11. A processor, comprising:
a shared resource configured to be used by a plurality of operations during different processor cycles;
a scheduler configured to:
determine that a first operation will require the use of a shared resource and to cause restriction of access to the shared resource for the second operation at an Nth cycle after a cycle X, and
reschedule the second operation to use the shared resource at a next opportunity without rescheduling other waiting operations; and
a processing component configured to:
perform a first aspect of the first operation at cycle X, and
perform a second aspect of the first operation at cycle X+N, wherein cycle X+N is a time when the second operation would have otherwise been scheduled to use the shared resource,
wherein X and N are positive integers.
12. The processor of claim 11, wherein the scheduler is configured to reschedule the second operation by allowing the second operation to use the shared resource immediately following the use of the shared resource by the second aspect of the first operation.
13. The processor of claim 11, wherein the first operation comprises a store operation requiring that both an address and data be read from an internal memory.
14. The processor of claim 13, wherein the processing component is configured to read an address from the internal memory as the first aspect of the first operation.

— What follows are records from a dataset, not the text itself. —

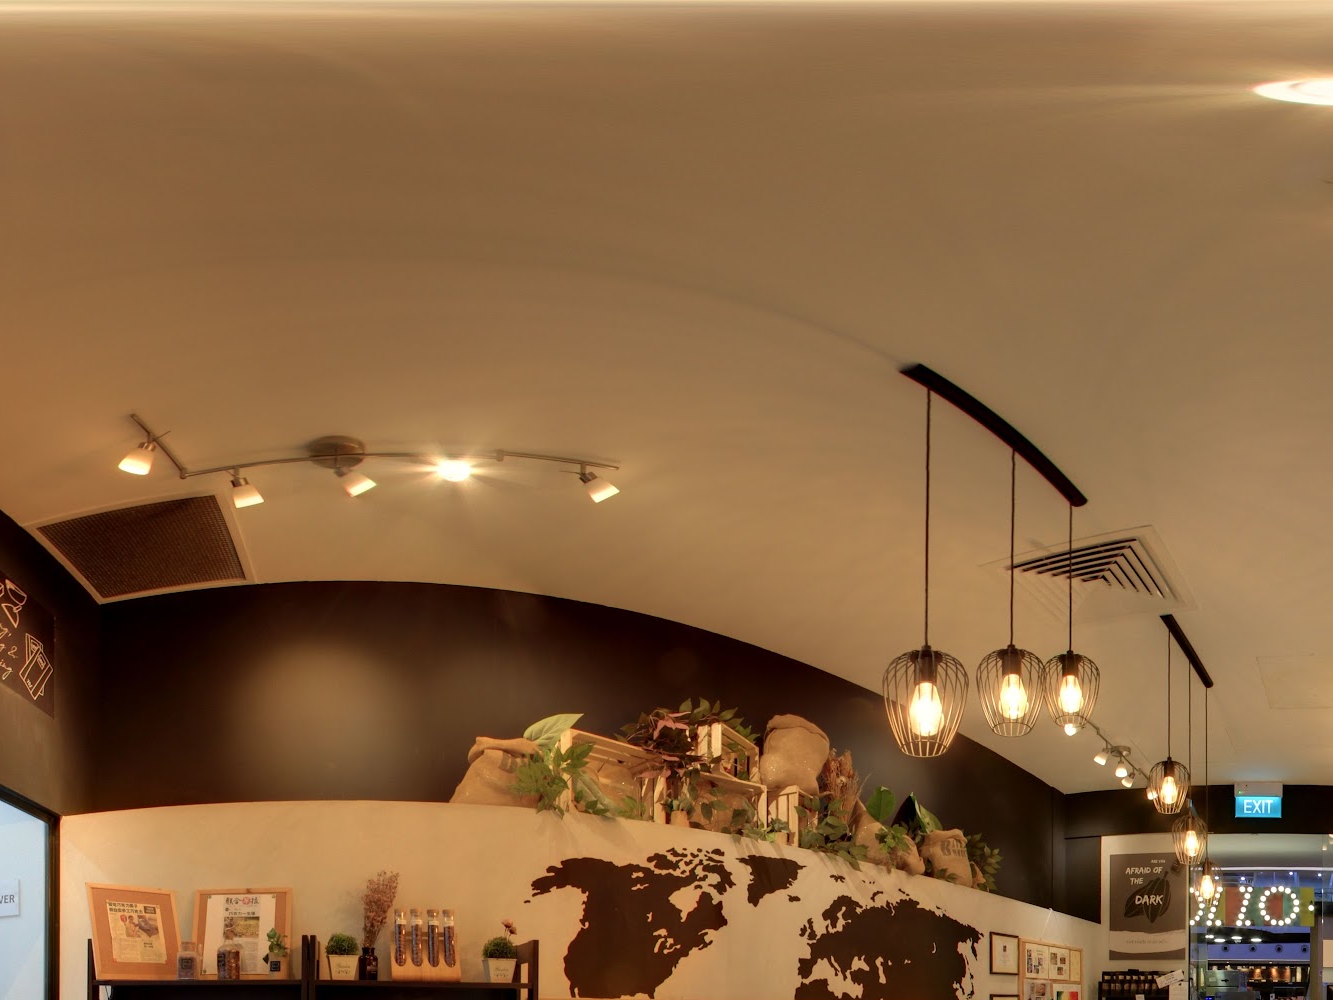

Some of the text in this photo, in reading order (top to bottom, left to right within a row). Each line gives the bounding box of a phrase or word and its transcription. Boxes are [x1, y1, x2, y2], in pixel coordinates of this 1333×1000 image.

[7, 645, 18, 659] &
[1244, 799, 1273, 814] EXIT
[1125, 866, 1163, 875] AFRAID OF
[1129, 877, 1144, 885] THE
[1134, 894, 1164, 906] DARK

15. The processor of claim 13, wherein the processing component is configured to read data from the internal memory as the second aspect of the first operation.
16. The processor of claim 13, wherein the processing component is configured to write the address to a load/store queue.
17. The processor of claim 13, wherein the processing component is configured to write the data to a load/store queue.
18. The processor of claim 11, wherein the shared resource is a read port of an internal memory.
19. The processor of claim 18, wherein the internal memory comprises a register file and/or a cache.
20. The processor of claim 11, wherein the N is greater than or equal to 2 cycles.